- **WHAT YOU ARE ASKED TO DO**
Restate the data below word for word. Skip any images it contains.

- **Free-text object descriptions**
========================

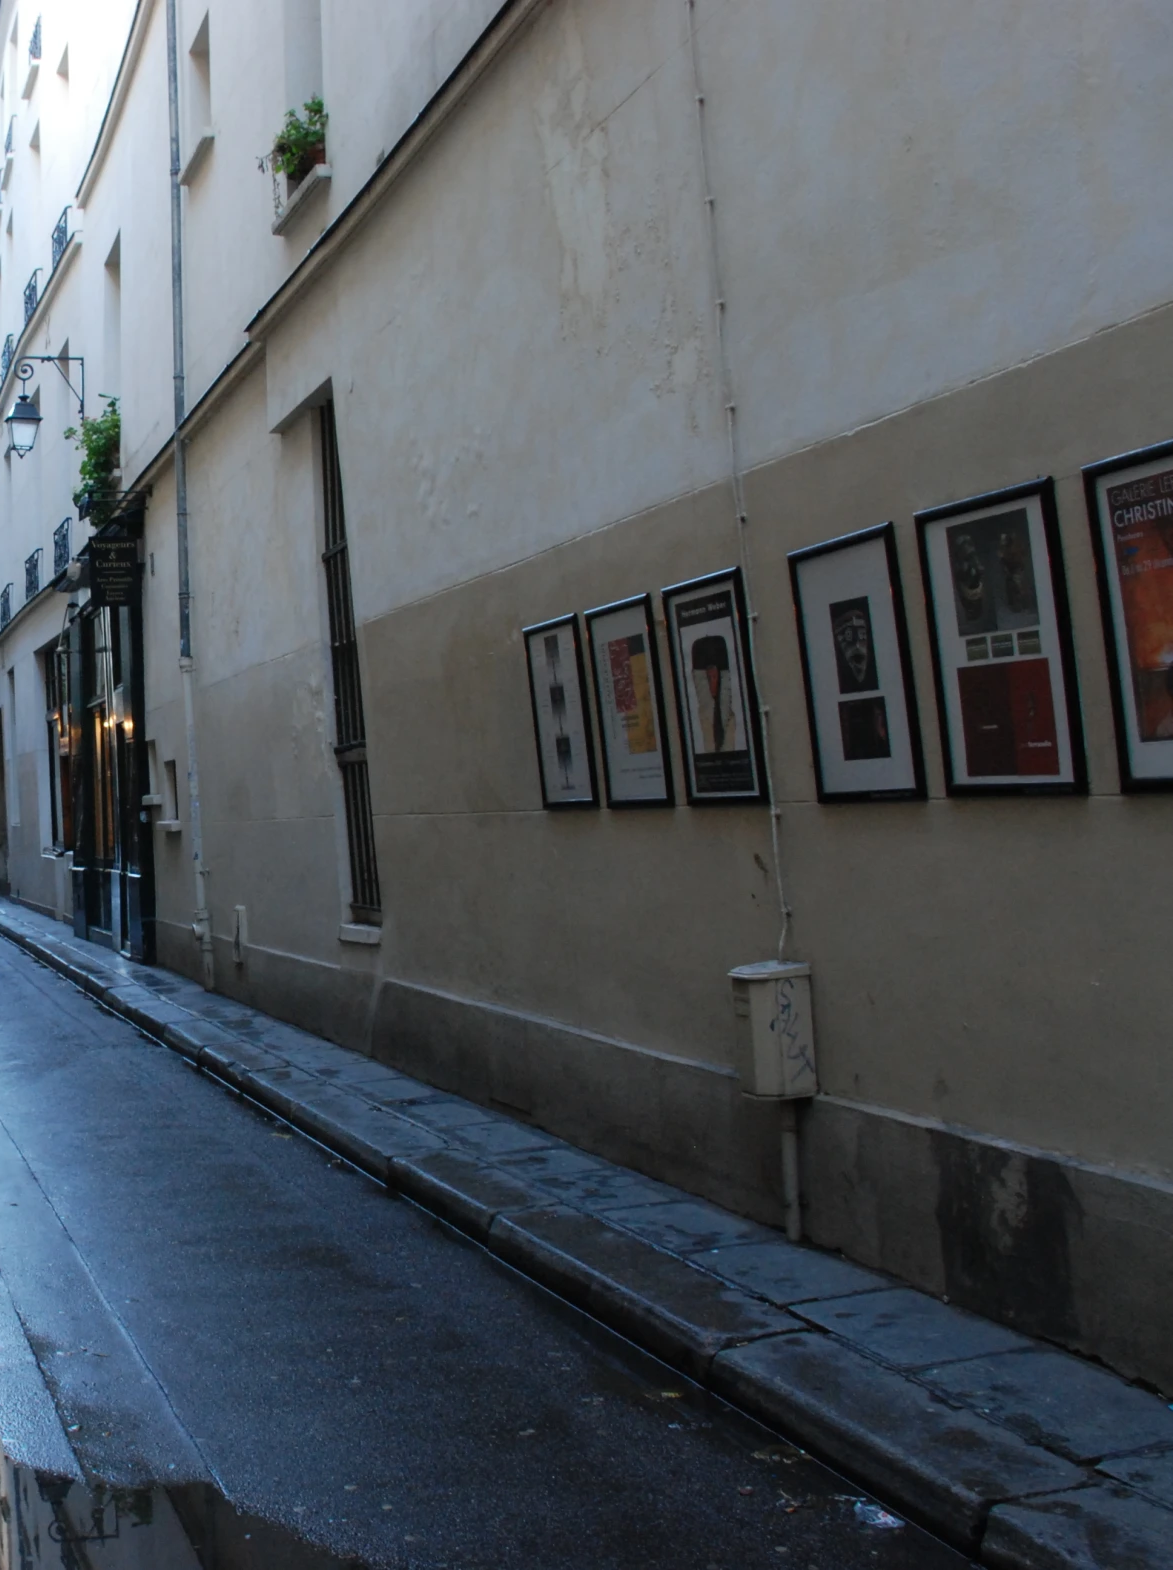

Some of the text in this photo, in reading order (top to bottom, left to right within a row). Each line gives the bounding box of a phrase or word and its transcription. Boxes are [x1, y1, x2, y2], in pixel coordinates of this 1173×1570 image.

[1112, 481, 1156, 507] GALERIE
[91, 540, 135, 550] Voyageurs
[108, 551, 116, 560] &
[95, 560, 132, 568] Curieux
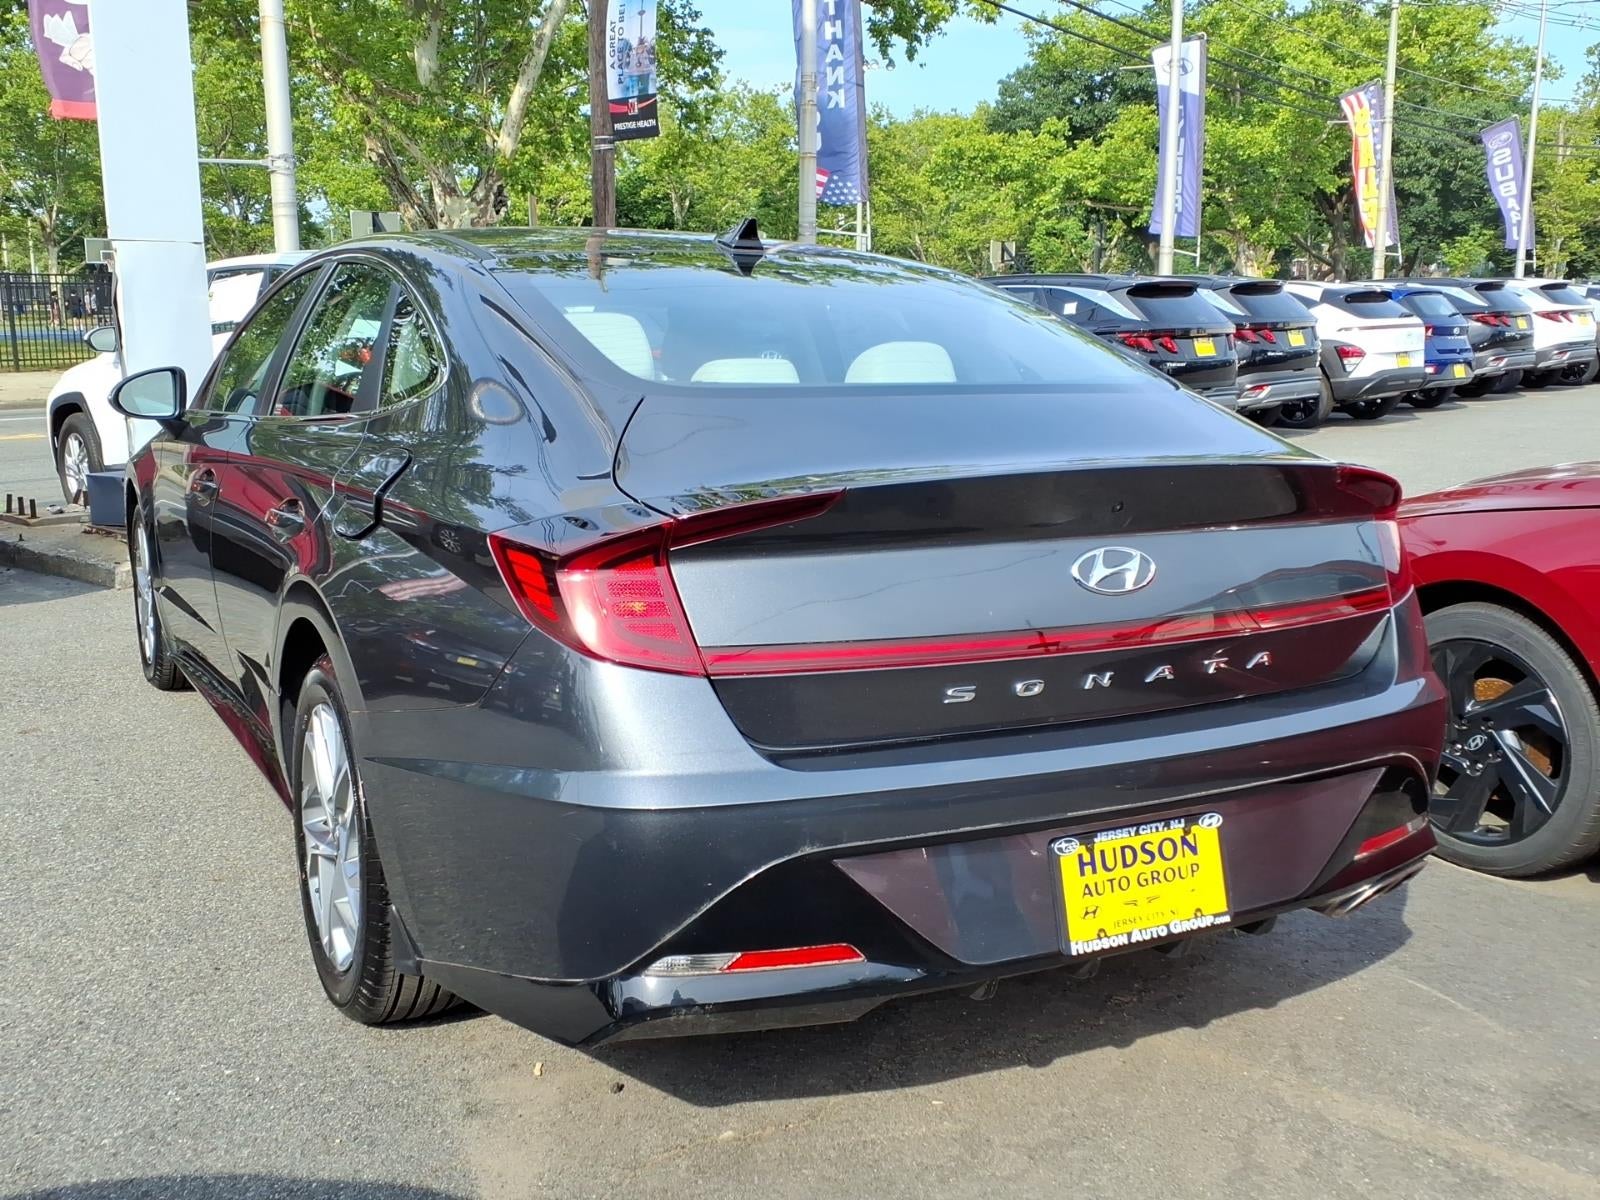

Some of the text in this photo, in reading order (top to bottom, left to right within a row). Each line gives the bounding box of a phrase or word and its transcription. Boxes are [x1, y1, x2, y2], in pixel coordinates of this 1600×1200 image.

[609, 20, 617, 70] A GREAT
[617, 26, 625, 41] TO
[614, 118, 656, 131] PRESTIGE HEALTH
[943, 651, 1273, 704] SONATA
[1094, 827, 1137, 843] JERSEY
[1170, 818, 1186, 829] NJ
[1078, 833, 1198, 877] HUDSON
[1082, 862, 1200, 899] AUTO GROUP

========================

- **OUTPUT OF THE TASK**
Some of the text in this photo, in reading order (top to bottom, left to right within a row). Each line gives the bounding box of a phrase or word and its transcription. Boxes are [x1, y1, x2, y2], in pixel coordinates of this 1173×1570 image.

[1112, 481, 1156, 507] GALERIE
[91, 540, 135, 550] Voyageurs
[108, 551, 116, 560] &
[95, 560, 132, 568] Curieux

Some of the text in this photo, in reading order (top to bottom, left to right within a row). Each line gives the bounding box of a phrase or word and its transcription. Boxes are [x1, y1, x2, y2], in pixel coordinates of this 1600×1200 image.

[609, 20, 617, 70] A GREAT
[617, 26, 625, 41] TO
[614, 118, 656, 131] PRESTIGE HEALTH
[943, 651, 1273, 704] SONATA
[1094, 827, 1137, 843] JERSEY
[1170, 818, 1186, 829] NJ
[1078, 833, 1198, 877] HUDSON
[1082, 862, 1200, 899] AUTO GROUP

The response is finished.